One proposed rule, which is expected to be finalized this spring, will restrict students from using federal financial aid to pay for programs that rack up excessive loan debt but train students for occupations with relatively low entry-level salaries.
A second rule, which will go into effect this summer, will close loopholes that allowed admissions counselors to be compensated based on how many students they signed up
The first rule is particularly interesting to focus on, especially given that they do not apply to government-run schools. This means that if you want to go to UCLA and run up loads of debt in economically dead-end majors like women's studies or art history, you are still free to do so. But go forbid you want to study to be a nurse or a teacher at the University of Phoenix.
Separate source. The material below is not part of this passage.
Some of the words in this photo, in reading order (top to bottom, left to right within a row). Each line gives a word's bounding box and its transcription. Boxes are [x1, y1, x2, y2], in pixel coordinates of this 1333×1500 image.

This from the CEO of Apollo, the parent company of University of Phoenix
some of the trade-school-type programs may be more vulnerable because of gainful employment (the anticipated federal rule about debt and entry-level salaries). . . . Gainful employment will cause programs, in areas such as nursing or teacher education or law enforcement, (for) for-profits not to be able to offer them . . . (because the federal formula) uses first-year salaries.
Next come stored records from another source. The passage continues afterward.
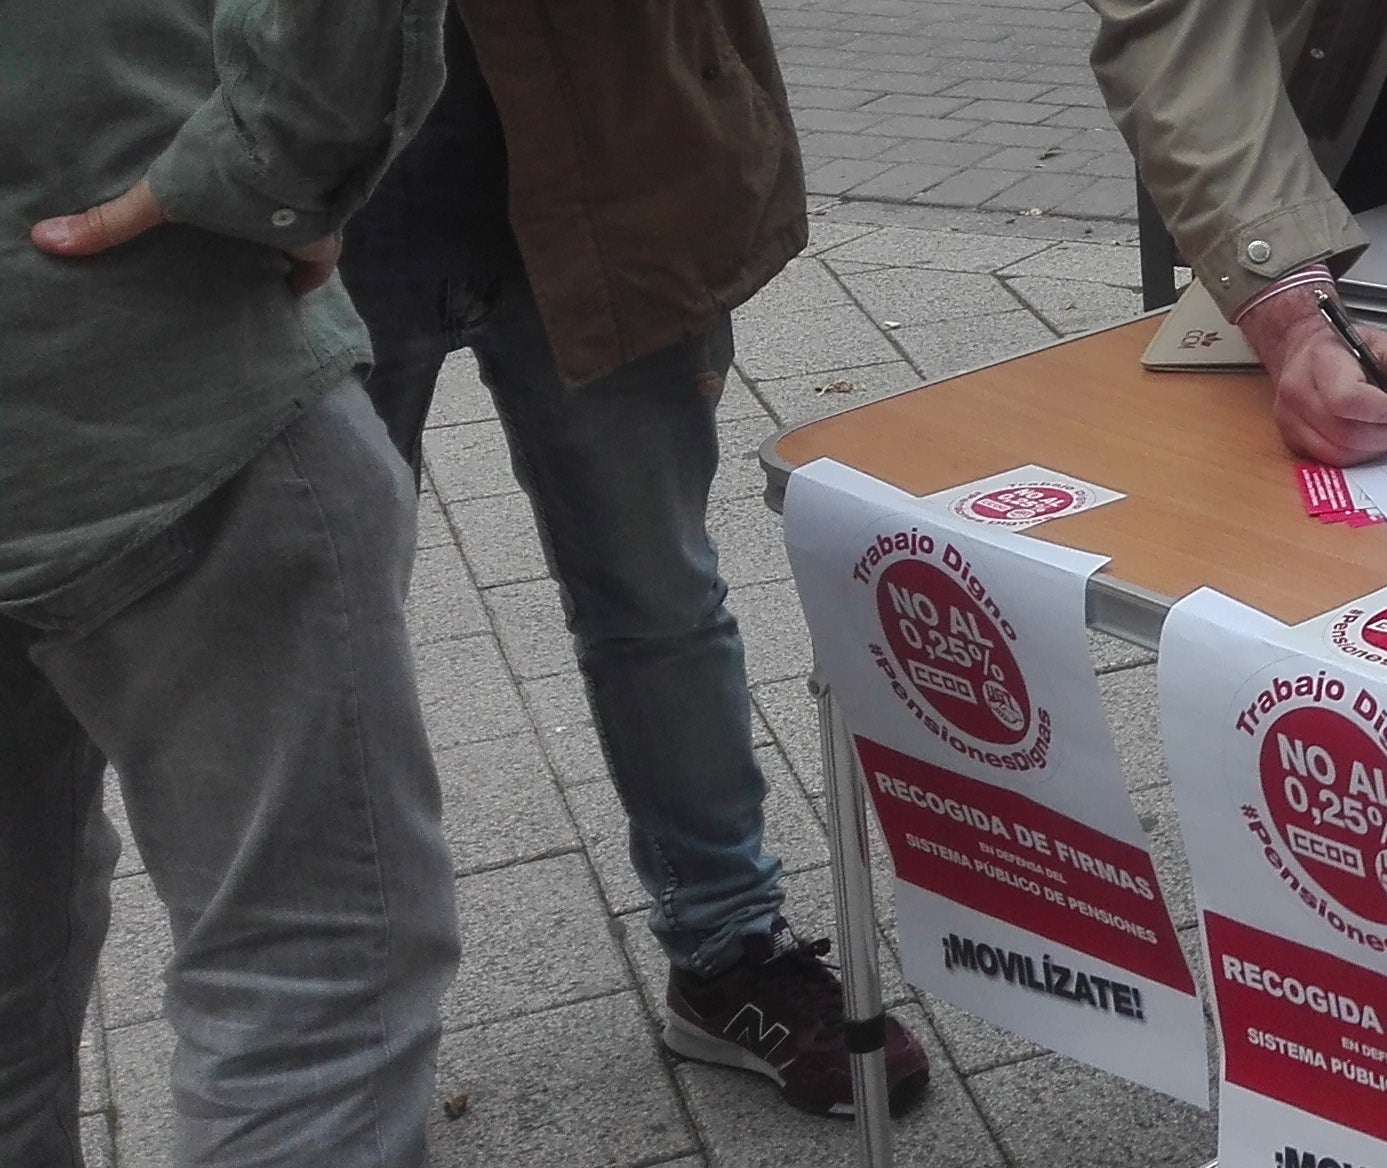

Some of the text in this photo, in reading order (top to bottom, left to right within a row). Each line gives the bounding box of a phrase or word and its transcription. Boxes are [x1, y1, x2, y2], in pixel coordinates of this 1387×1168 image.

[852, 528, 1017, 641] Trabajo Digno
[887, 583, 994, 648] NO AL
[899, 619, 1004, 681] 0,25%
[915, 665, 972, 699] CCOO
[868, 642, 1052, 773] #PensionesDignas
[1235, 670, 1344, 737] Trabajo
[1277, 733, 1336, 786] NO
[874, 771, 1154, 902] RECOGIDA DE FIRMAS
[996, 847, 1044, 876] DEFENSA
[1045, 867, 1068, 884] DEL
[1293, 831, 1360, 872] CCOO
[905, 832, 1159, 946] SISTEMA PÚBLICO DE PENSIONES
[942, 933, 1145, 1020] ¡MOVILÍZATE!
[1221, 953, 1385, 1036] RECOGIDA
[1247, 1026, 1327, 1072] SISTEMA
[1341, 1036, 1361, 1055] EN
I can tell you my first-year salary for what I wanted to do wouldn't have qualified. It takes time.
Two things you can expect from any set of regulations. 1) Large companies will eventually benefit, because the compliance costs will weed out smaller companies and deter future startups. 2) Innovation will be reduced, as certain established business models and practices will become safe harbors under the rules, adding risk to anyone wishing to try an additional approach.